Content starts
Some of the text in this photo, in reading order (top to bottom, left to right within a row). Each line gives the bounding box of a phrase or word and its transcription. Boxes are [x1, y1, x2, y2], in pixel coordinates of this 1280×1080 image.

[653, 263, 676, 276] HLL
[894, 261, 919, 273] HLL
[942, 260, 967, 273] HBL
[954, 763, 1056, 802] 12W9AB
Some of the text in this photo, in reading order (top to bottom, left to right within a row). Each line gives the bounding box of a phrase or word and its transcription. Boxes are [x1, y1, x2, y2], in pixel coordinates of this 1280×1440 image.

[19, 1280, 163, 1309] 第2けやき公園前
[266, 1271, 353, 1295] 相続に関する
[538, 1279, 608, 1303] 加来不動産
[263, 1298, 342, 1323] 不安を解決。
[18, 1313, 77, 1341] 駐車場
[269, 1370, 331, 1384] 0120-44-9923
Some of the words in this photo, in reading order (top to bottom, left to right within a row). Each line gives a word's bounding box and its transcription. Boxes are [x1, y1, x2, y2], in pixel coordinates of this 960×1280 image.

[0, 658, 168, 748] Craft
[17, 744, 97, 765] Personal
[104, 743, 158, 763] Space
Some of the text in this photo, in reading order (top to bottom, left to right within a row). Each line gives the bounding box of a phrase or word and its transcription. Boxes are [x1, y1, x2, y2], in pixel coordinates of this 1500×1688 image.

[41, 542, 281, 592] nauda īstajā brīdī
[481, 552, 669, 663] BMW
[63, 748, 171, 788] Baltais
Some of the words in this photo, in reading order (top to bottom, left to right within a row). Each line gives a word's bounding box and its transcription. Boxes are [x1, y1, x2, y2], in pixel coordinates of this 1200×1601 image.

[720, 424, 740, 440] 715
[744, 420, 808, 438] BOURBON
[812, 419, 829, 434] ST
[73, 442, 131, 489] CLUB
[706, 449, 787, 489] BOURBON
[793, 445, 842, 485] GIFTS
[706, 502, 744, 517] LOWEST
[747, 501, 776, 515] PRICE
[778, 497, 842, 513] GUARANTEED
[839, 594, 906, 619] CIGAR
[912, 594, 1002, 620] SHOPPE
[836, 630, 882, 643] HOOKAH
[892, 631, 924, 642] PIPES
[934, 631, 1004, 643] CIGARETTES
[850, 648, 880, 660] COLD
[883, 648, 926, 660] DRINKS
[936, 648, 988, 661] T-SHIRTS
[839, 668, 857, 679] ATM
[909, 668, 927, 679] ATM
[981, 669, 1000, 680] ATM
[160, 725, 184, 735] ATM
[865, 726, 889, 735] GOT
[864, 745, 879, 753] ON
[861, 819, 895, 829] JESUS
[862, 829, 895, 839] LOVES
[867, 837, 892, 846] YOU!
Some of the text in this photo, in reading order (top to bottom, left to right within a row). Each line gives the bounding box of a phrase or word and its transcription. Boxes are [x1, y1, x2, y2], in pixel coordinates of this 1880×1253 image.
Content ends
→ Exercise:
Repeat the listing above exactly, keeping every word as it stands.

→ Task answer:
Some of the text in this photo, in reading order (top to bottom, left to right within a row). Each line gives the bounding box of a phrase or word and its transcription. Boxes are [x1, y1, x2, y2], in pixel coordinates of this 1280×1080 image.

[653, 263, 676, 276] HLL
[894, 261, 919, 273] HLL
[942, 260, 967, 273] HBL
[954, 763, 1056, 802] 12W9AB
Some of the text in this photo, in reading order (top to bottom, left to right within a row). Each line gives the bounding box of a phrase or word and its transcription. Boxes are [x1, y1, x2, y2], in pixel coordinates of this 1280×1440 image.

[19, 1280, 163, 1309] 第2けやき公園前
[266, 1271, 353, 1295] 相続に関する
[538, 1279, 608, 1303] 加来不動産
[263, 1298, 342, 1323] 不安を解決。
[18, 1313, 77, 1341] 駐車場
[269, 1370, 331, 1384] 0120-44-9923
Some of the words in this photo, in reading order (top to bottom, left to right within a row). Each line gives a word's bounding box and its transcription. Boxes are [x1, y1, x2, y2], in pixel coordinates of this 960×1280 image.

[0, 658, 168, 748] Craft
[17, 744, 97, 765] Personal
[104, 743, 158, 763] Space
Some of the text in this photo, in reading order (top to bottom, left to right within a row). Each line gives the bounding box of a phrase or word and its transcription. Boxes are [x1, y1, x2, y2], in pixel coordinates of this 1500×1688 image.

[41, 542, 281, 592] nauda īstajā brīdī
[481, 552, 669, 663] BMW
[63, 748, 171, 788] Baltais
Some of the words in this photo, in reading order (top to bottom, left to right within a row). Each line gives a word's bounding box and its transcription. Boxes are [x1, y1, x2, y2], in pixel coordinates of this 1200×1601 image.

[720, 424, 740, 440] 715
[744, 420, 808, 438] BOURBON
[812, 419, 829, 434] ST
[73, 442, 131, 489] CLUB
[706, 449, 787, 489] BOURBON
[793, 445, 842, 485] GIFTS
[706, 502, 744, 517] LOWEST
[747, 501, 776, 515] PRICE
[778, 497, 842, 513] GUARANTEED
[839, 594, 906, 619] CIGAR
[912, 594, 1002, 620] SHOPPE
[836, 630, 882, 643] HOOKAH
[892, 631, 924, 642] PIPES
[934, 631, 1004, 643] CIGARETTES
[850, 648, 880, 660] COLD
[883, 648, 926, 660] DRINKS
[936, 648, 988, 661] T-SHIRTS
[839, 668, 857, 679] ATM
[909, 668, 927, 679] ATM
[981, 669, 1000, 680] ATM
[160, 725, 184, 735] ATM
[865, 726, 889, 735] GOT
[864, 745, 879, 753] ON
[861, 819, 895, 829] JESUS
[862, 829, 895, 839] LOVES
[867, 837, 892, 846] YOU!
Some of the text in this photo, in reading order (top to bottom, left to right within a row). Each line gives the bounding box of a phrase or word and its transcription. Boxes are [x1, y1, x2, y2], in pixel coordinates of this 1880×1253 image.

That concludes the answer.